Kudzu. Any American southerners are very familiar with this beautiful yet vicious vine. It's known as "the plant that ate the South".
Yesterday afternoon my grandfather came over to sit on the porch and talk about things, he's old and has been in this town his entire life. He
usually ends up telling me about the way things used to be and I love hearing him talk, even though sometimes he forgets I wasn't alive when any of
this stuff happened.
Well yesterday he said something that piqued my interest. We were talking about the corn crops here and how incredibly large they are for this time of
year. That saying "knee high by July" and you have a good crop? Yeah, the corn is over head high and it's June. He started telling me a story about
how he was climbing a telephone
pole (used to work for the phone company) that was covered in Kudzu and something about thinking if he fell he would fall into a pit of snakes. I
don't always understand him, he doesn't have many teeth left.
"That damn bug, it's destroying the farmers". I tuned back in to what he was saying "What bug?" I asked. He proceeded to tell me that "they"
released a bug in the South to eat the Kudzu, but come to find out the bug likes Soy Beans better and is eating all the crops. He also said they
can't find a way to kill it.
Of course my next question was "Who are 'They'?"
"Well the Government of course"
We chatted a while longer, then I started to look into things.
Megacopta cribrari, as this member of the stinkbug family is known in scientific circles, was first identified near Atlanta in late October 2009.
Since then, it has spread to most of Georgia and North Carolina, all of South Carolina, and several counties in Alabama.And it shows no signs of
stopping. Kudzu and soybeans are both legumes. The bug — also known as the bean plataspid — breeds and feeds in the kudzu patches until soybean
planting time, then crosses over to continue the moveable feast, says Tracie Jenkins, a plant geneticist at the University of Georgia.

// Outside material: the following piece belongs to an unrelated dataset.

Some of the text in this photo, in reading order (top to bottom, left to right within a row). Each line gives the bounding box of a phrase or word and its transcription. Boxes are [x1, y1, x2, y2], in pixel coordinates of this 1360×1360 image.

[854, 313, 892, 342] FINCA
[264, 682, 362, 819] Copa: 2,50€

It's not exactly NEW information, this article was written in October of 2011, but I couldn't find anything on it in the search function.I've tried
to find out information about "where" this bug came from, and ran across a bunch of "we don't knows" and this
Like our other favorite stink bug, the kudzu bug was introduced from Asia. It is very distinctive looking. It is about the size of a pea (1/6”-
¼”), olive green with brown speckles and flat across the back end. They are “true bugs” and have piercing-sucking mouthparts.

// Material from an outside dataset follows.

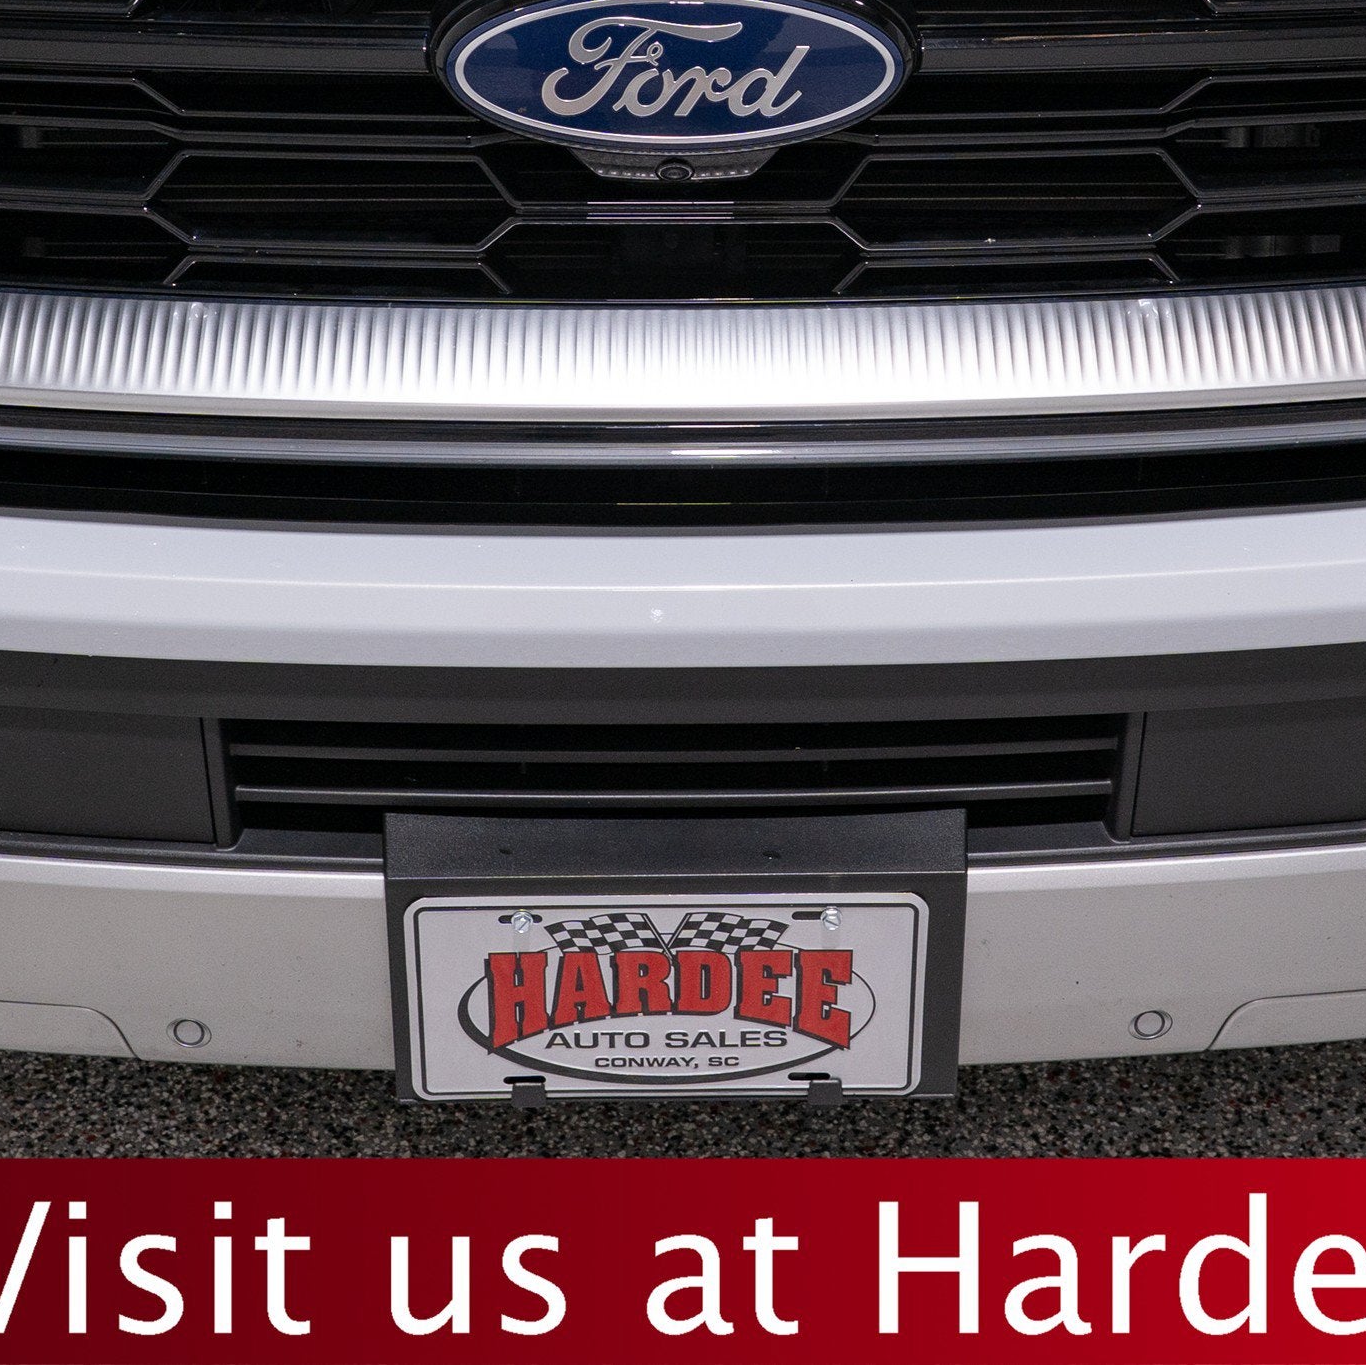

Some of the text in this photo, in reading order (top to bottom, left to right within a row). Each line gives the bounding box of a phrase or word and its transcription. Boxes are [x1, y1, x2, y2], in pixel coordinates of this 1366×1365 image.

[541, 16, 811, 117] Ford
[484, 949, 853, 1055] HARDEE
[545, 1029, 788, 1050] AUTO SALES
[593, 1055, 740, 1070] CONWAY, SC

Maybe the worst news: They first turned up in Atlanta in 2009, and DNA testing in both states indicates that all these millions of kudzu bugs came
from a single female, said entomologist Merle Shepard.

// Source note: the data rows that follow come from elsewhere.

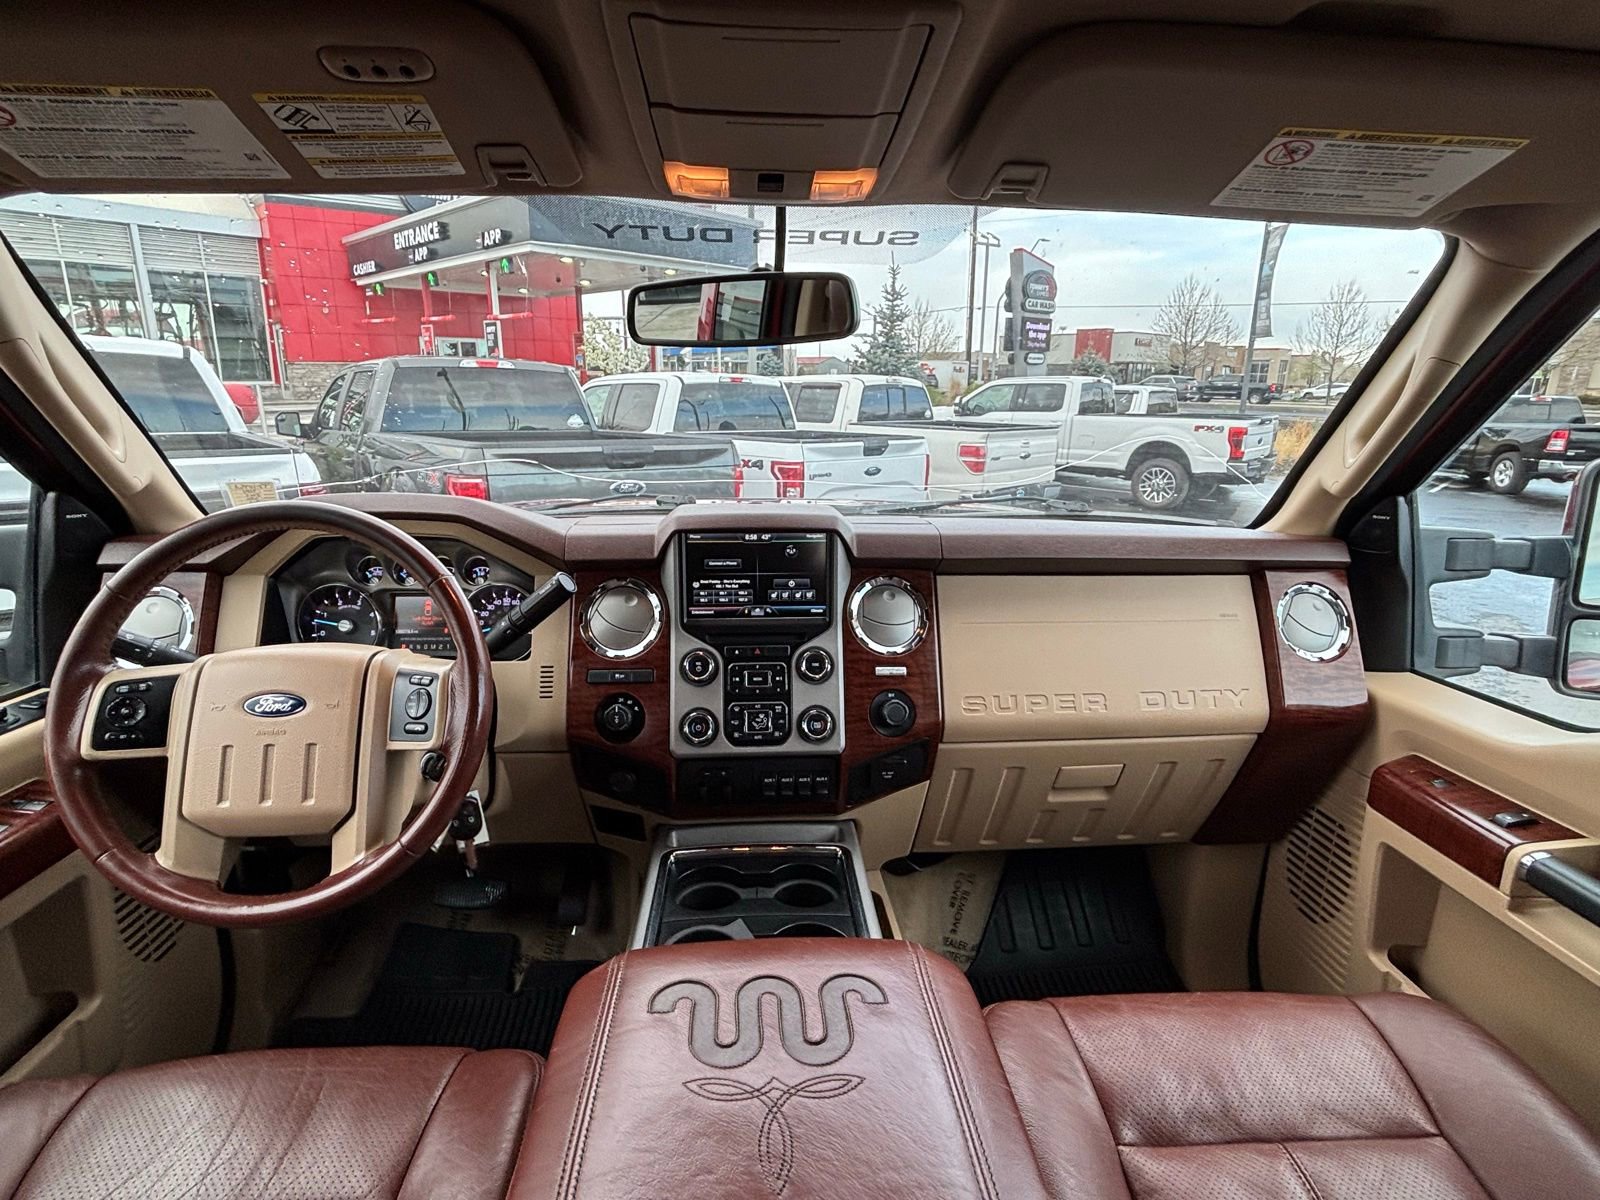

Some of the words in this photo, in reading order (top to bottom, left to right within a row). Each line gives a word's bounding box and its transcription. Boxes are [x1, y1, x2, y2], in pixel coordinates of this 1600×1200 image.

[393, 221, 440, 250] ENTRANCE
[483, 228, 501, 247] APP
[414, 247, 428, 262] APP
[353, 260, 376, 276] CASHIER
[1027, 299, 1039, 308] CAR
[1039, 300, 1055, 310] WASH
[1025, 321, 1050, 331] Download
[1193, 425, 1225, 434] FX4
[254, 696, 297, 712] Ford
[961, 691, 1108, 716] SUPER
[1138, 688, 1249, 712] DUTY
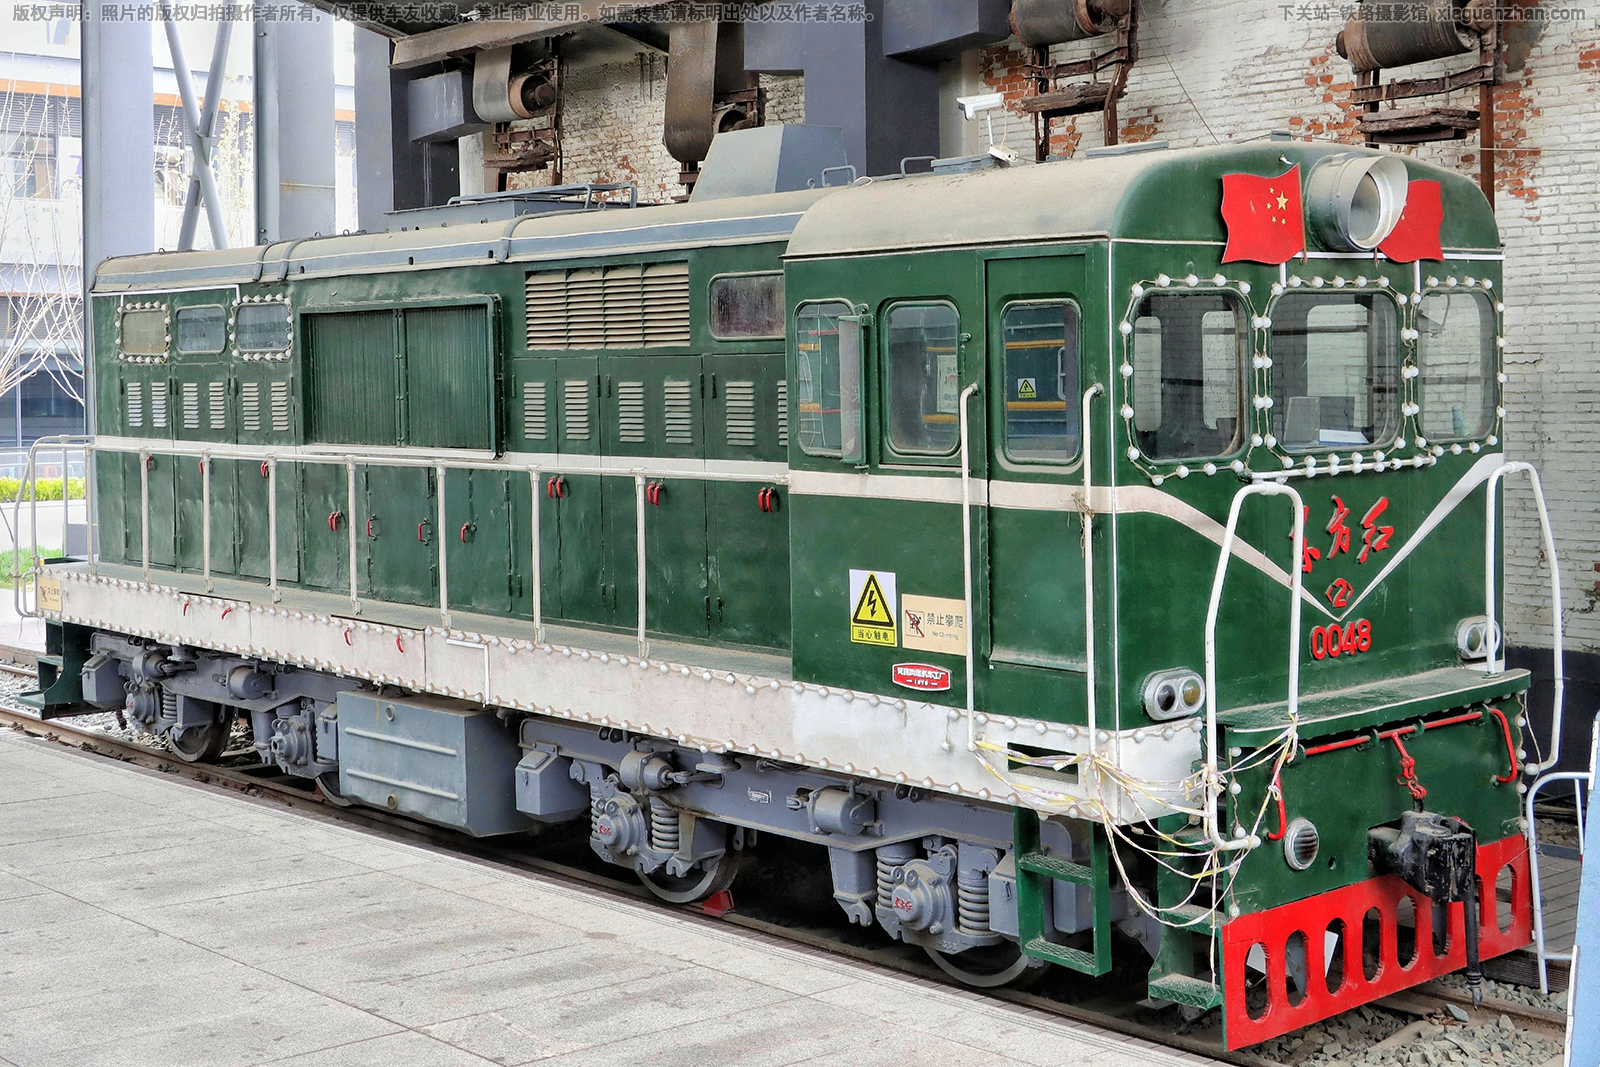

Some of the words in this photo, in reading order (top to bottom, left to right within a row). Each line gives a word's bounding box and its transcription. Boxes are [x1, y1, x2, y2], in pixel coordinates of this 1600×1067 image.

[926, 612, 964, 629] 禁止攀爬
[857, 628, 889, 641] 当心触电
[1311, 618, 1372, 660] 0048

I can tell you personally I've seen these but didn't know what they were. I assumed they were some sort of ladybug but they don't look like
ladybugs. They have caused me to freak out a couple of times when landing on my son because they also look like ticks. They are EVERYWHERE, and to be
honest, I havn't seen a "true" ladybug in a long time.
Thoughts? Anyone else know any information about this?